# Time Tested Tools-I'm gonna go broke!



## ksSlim (Jun 27, 2010)

Don is the man! Timetestedtools.com


----------



## Dwain (Nov 1, 2007)

A block plane is a great way to dive into the world of hand tools. An old Stanley is a great way to dive into block planes. Get comfortable with use and sharpening of that and you will be ready to move up to a jack, then a smoother, then a jointer. Then the discussion about preferred low angles will begin. Before you know it you will have a wall of shoulder, router and standard hand planes. Happy, but poor. With a desire to save some money, you begin to buy cheap, ignored planes off of e bay and restore them. Now you are fully on the slope, without hope of redemption. Please make sure to keep up apprised as you go down, down down. Us Lumberjocks would love to witness the decent!


----------



## HokieKen (Apr 14, 2015)

Don is the handplane Yoda and his site definitely provides a valuable service to our "niche" of folks who want user tools at reasonable prices. And the 9-1/2 is probably the best all-around block plane one can have. Great choice. Of course you'll also need a low-angle to compliment it. Oh yeah, you'll probably want a 140 with the skewed blade, that thing is awesome. Oh but wait…. never mind. You'll find out ;-P


----------



## DustyM (May 16, 2016)

Thanks for the input, fellas.
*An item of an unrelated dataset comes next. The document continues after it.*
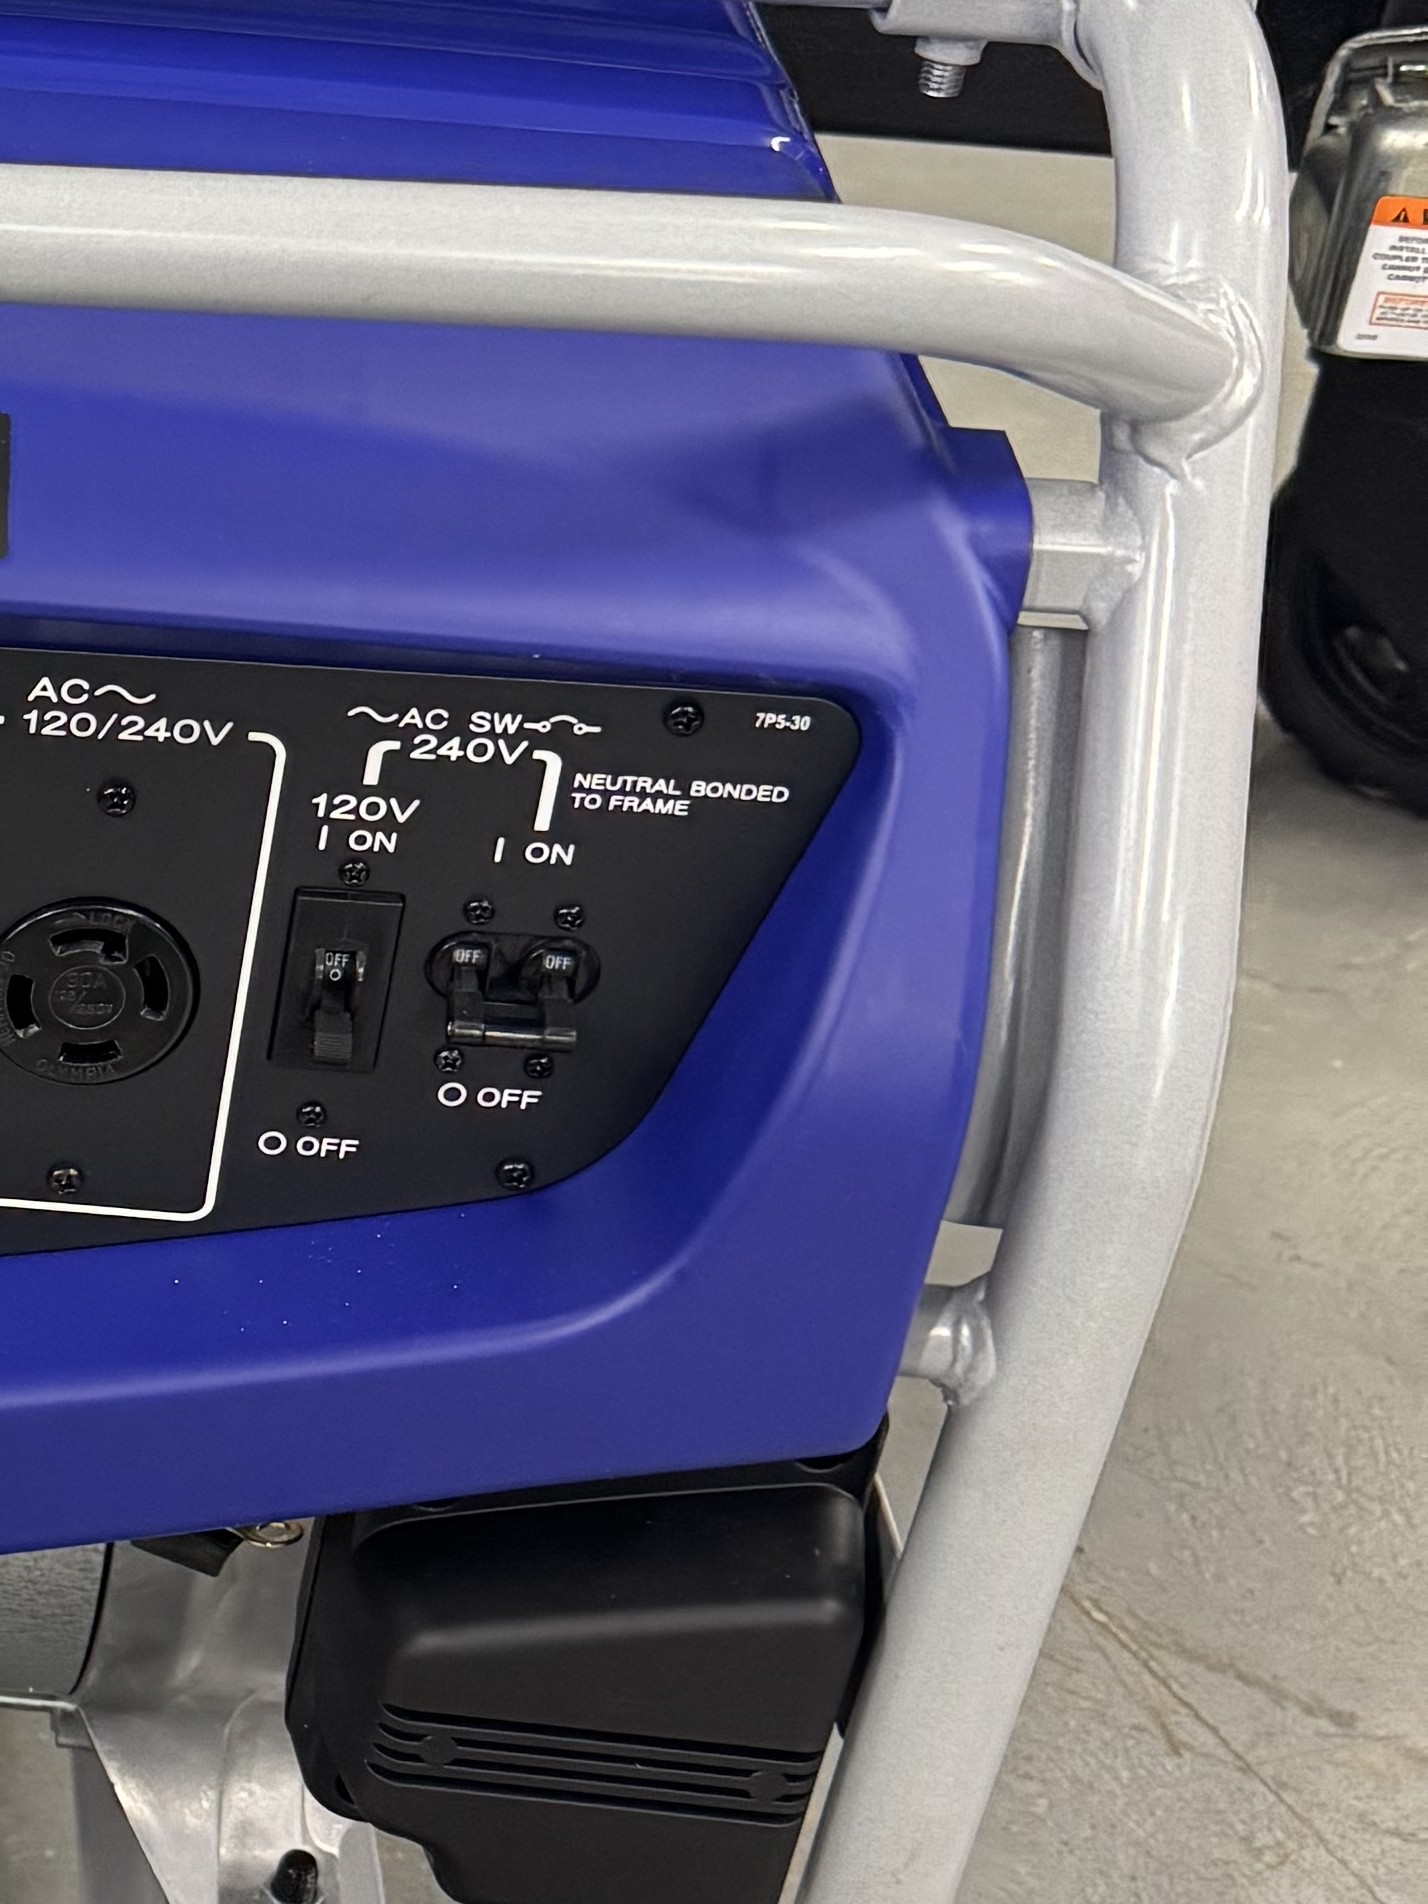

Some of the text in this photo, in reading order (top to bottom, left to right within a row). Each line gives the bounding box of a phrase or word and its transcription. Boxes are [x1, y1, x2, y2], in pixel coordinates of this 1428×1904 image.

I already know I'm about to fall down the rabbit hole. I've stared into the abyss of hand tools, and it stared back. But man, what a satisfying sound and feeling!


----------



## kocgolf (Jun 8, 2012)

Ah, dang it. Why did I click on that link? There goes the winter vacation money…What a great site and service!


----------



## steveinaz (Mar 9, 2015)

Don is a great resource. A wealth of information and a tireless contributor. He recently helped me get some parts for my No. 12


----------